Perempuan dari Tujuh Musim, Nunung Noor El Niel - Rissa Churria

@kontributor 10/15/2023
Perempuan dari Tujuh Musim, Nunung Noor El Niel

Rissa Churria




Sejarah awal sastra Indonesia didominasi oleh sastrawan pria. Kiranya, alasan yang paling kuat adalah bahwa pada saat itu hanya laki-laki yang bisa menikmati pendidikan. Sementara itu, kaum perempuan terkungkung di lingkungan rumah tangga karena sistem sosial budaya yang berlaku. Jadi, dunia sastra Indonesia adalah dunia laki-laki. Situasi sedikit berbalik pada tahun 1990-an dengan munculnya perempuan muda yang menjadi penyair, cerpenis, dan novelis, seperti Dorothea Rosa Herliany, Oka Rusmini, Ayu Utami, dan Djenar Maesa Ayu, yang melontarkan pandangan feminis dan kesetaraan gender dalam karya mereka. Beberapa tahun silam ketika pemenang Sayembara Mengarang Novel yang diselenggarakan Dewan Kesenian Jakarta semuanya perempuan, Sapardi Djoko Damono sebagai juri langsung berkomentar, “Inilah saatnya kebangkitan perempuan dalam perkembangan sastra kita.” 

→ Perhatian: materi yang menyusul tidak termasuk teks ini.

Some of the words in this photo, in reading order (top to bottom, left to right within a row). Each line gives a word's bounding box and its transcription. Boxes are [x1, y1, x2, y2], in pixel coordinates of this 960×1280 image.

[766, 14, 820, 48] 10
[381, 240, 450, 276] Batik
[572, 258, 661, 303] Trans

Salah satunya adalah Nunung Noor El Niel, sebagai penyair yang perempuan Indonesia yang aktif menekuni dunia sastra terutama bidang puisi. Buku-buku yang lahir dari rahim karyanya tentu menunjukkan keberpihakannya kepada kaum perempuan. Karya-karya yang dilahirkan begitu kuat. Nunung terhitung sangat produktif dalam menulis. Karya-karyanya banyak tersebar di beberapa media massa tanah air seperti: Media Indonesia, Jawa Pos, Indo Pos, PR Bandung, Bali Pos, dan lain-lain. Juga menulis di berbagai antologi bersama yang sudah tak terhitung jumlahnya. 

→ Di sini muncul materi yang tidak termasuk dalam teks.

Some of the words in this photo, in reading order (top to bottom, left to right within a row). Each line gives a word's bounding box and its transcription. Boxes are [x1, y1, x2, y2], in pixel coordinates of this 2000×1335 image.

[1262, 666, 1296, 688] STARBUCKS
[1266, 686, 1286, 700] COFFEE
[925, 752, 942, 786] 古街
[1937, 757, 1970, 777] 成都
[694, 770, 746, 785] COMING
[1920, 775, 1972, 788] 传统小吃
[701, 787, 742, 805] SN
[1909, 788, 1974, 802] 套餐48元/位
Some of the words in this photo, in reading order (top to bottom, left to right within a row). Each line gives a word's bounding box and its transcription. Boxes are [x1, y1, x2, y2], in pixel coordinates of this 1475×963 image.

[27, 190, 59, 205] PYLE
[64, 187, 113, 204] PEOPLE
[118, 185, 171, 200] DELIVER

Antologi tunggal yang lahir dari rahim karyanya antara lain adalah: Sumur Umur (2022), Solitude terbit pada tahun 2012, menyusul Perempuan Gerhana tahun 2014, Kisas tahun 2015 dan Perempuan dari Tujuh Musim lahir pada tahun 2016. Saat ini sedang mempersiapkan buku antologi tunggal berikutnya. 

Dalam buku Perempuan dari Tujuh Musim ini, Nunung Noor El Niel berusaha mengungkapkan pikiran dan perasaan dengan mengutamakan keindahan kata-kata. Pemilihan diksi yang sangat kuat sehingga puisinya terasa begitu lentur dan beralur. Dalam puisi-puisinya, Nunung mengungkapkan berbagai hal, seperti kerinduan, kegelisahan, atau pengagungan yang diungkapkan dalam bahasa indah. Antologi puisi ini beraroma perempuan, sangat feminin dan melibatkan emosional perempuan dalam setiap larik dan bait yang menyusun lekuk tubuh puisinya.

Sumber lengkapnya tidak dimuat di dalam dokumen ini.